I segni di questi sconvolgimenti sono evidenti in molte zone dell’Hoggar, dove colonne di basalto nero, dalla tipica forma geometrica a canne d’organo, convivono accanto alle forme arrotondate che caratterizzano i pinnacoli di granito. L’assenza di copertura vegetale aumenta la spettacolarità di questi contrasti, soprattutto al tramonto del sole, quando la luce radente esalta le diverse colorazioni delle rocce e invita lo sguardo a posarsi sui particolari. Affascinanti per il viaggiatore occasionale, colpito dalla loro elementare bellezza, le montagne del Sahara forniscono un eccellente materiale di studio per chiunque voglia avvicinarsi alle scienze geologiche: tutto è a portata di mano, dagli effetti più clamorosi del vulcanismo a quelli dell’erosione.
POPOLAMENTO
Il deserto non è sempre stato un luogo disabitato. Dalle brume del passato emergono le tracce di civiltà scomparse, che fiorirono in un Sahara ancor verde. Fu il progressivo avanzare della siccità, a partire da 5.000 anni orsono, a spingere gli antichi abitatori del Sahara a rifugiarsi nelle montagne, dove la vita era ancora possibile. Laggiù, come in un enorme museo all’aperto, oscuri artisti-sciamani lasciarono sulle pareti di arenaria migliaia di pitture e graffiti: danzatori mascherati, epiche scene di caccia all’elefante e al bufalo e aggraziati profili di bovidi pezzati. Poi, il Sahara divenne un luogo in cui l’essere umano é biologicamente perdente e il nomadismo un imperativo categorico. I popoli attuali del deserto, pastori nomadi di dromedari, vacche e capre, sono gli ultimi eroi di questa millenaria epopea.

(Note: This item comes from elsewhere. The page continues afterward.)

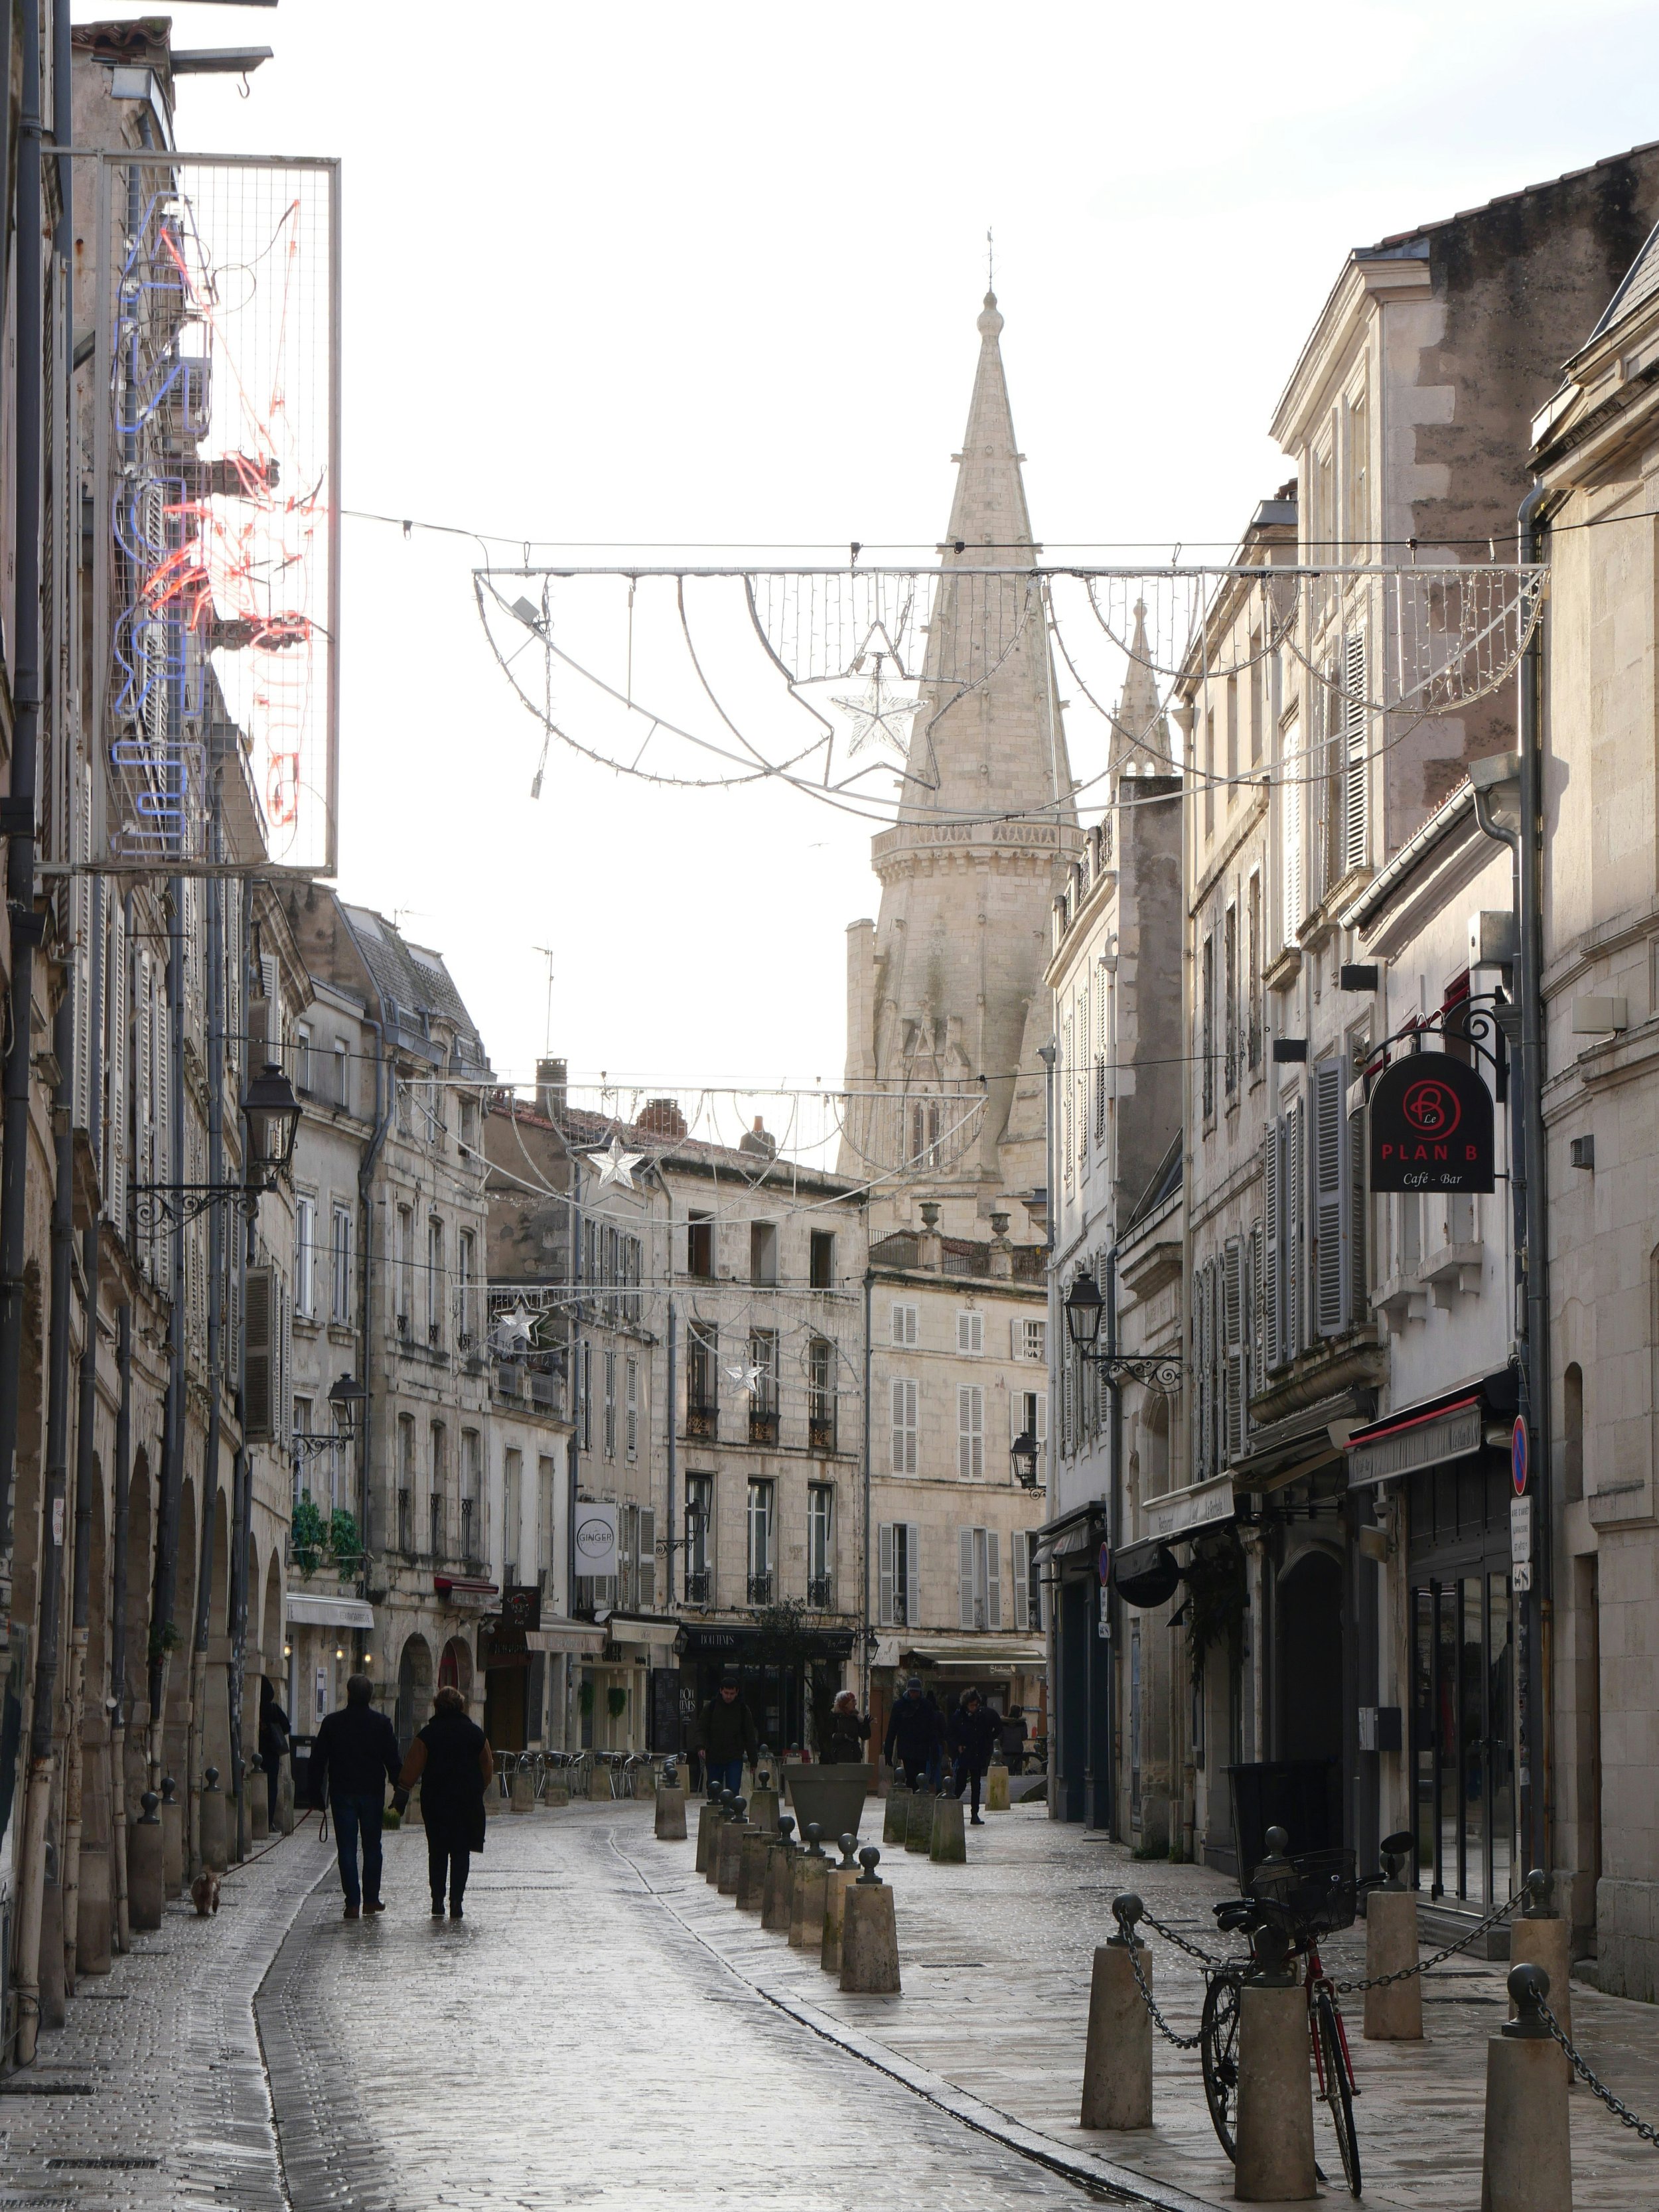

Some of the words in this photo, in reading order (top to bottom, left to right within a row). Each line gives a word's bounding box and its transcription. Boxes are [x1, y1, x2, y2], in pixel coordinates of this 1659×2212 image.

IL PIU’ GRANDE MUSEO DEL MONDO (arte rupestre)
Le popolazioni scomparse del Sahara hanno lasciato molte testimonianze della loro civiltà. I manufatti litici, le ceramiche, i reperti archeologici, ci raccontano per sommi capi quale era il loro modello sociale, le fonti di sostentamento e il rapporto con l’ambiente. Ma solo l’arte rupestre é in grado di fornire informazioni sul mondo in cui queste genti vivevano e, soprattutto, sulla loro spiritualità. I graffiti e le pitture censiti sono decine di migliaia, diffuse in tutto l’immenso territorio del Sahara. Le pietre scritte sono ovunque, ma le zone di maggiore concentrazione si situano all’interno dei grandi massicci montuosi che occupano il centro del deserto: l’Hoggar, il Tibesti, l’Ennedi, l’Air e il complesso Tassili n’Ajjer-Tadrart Acacus, al confine tra la Libia e l’Algeria meridionali. Stazioni di arte rupestre sono presenti anche nella faglia di Tichitt, in Mauritania; nel Fezzan libico e ancora più a est, nel Jebel Uweinat, dove si intersecano le frontiere di Sudan ed Egitto; negli altopiani della Nubia, fino al Mar Rosso; a sud, nell’Adrar degli Iforhas, in Mali. Le montagne sono senza dubbio i luoghi dove il popolamento é stato più consistente e di più lunga durata: ma le favorevoli condizioni climatiche e le esigenze materiali non bastano a spiegare l’enorme quantità di siti, né il loro condensarsi in punti determinati.
A Jabbaren, nel Tassili n’Ajjer, in un quadrato di seicento metri di lato ci sono oltre 5000 pitture, degli stili più diversi: Henri Lothe, il primo europeo a visitare il sito, paragonò il luogo ad una città virtuale, con piazze, vicoli, strade, archi trionfali.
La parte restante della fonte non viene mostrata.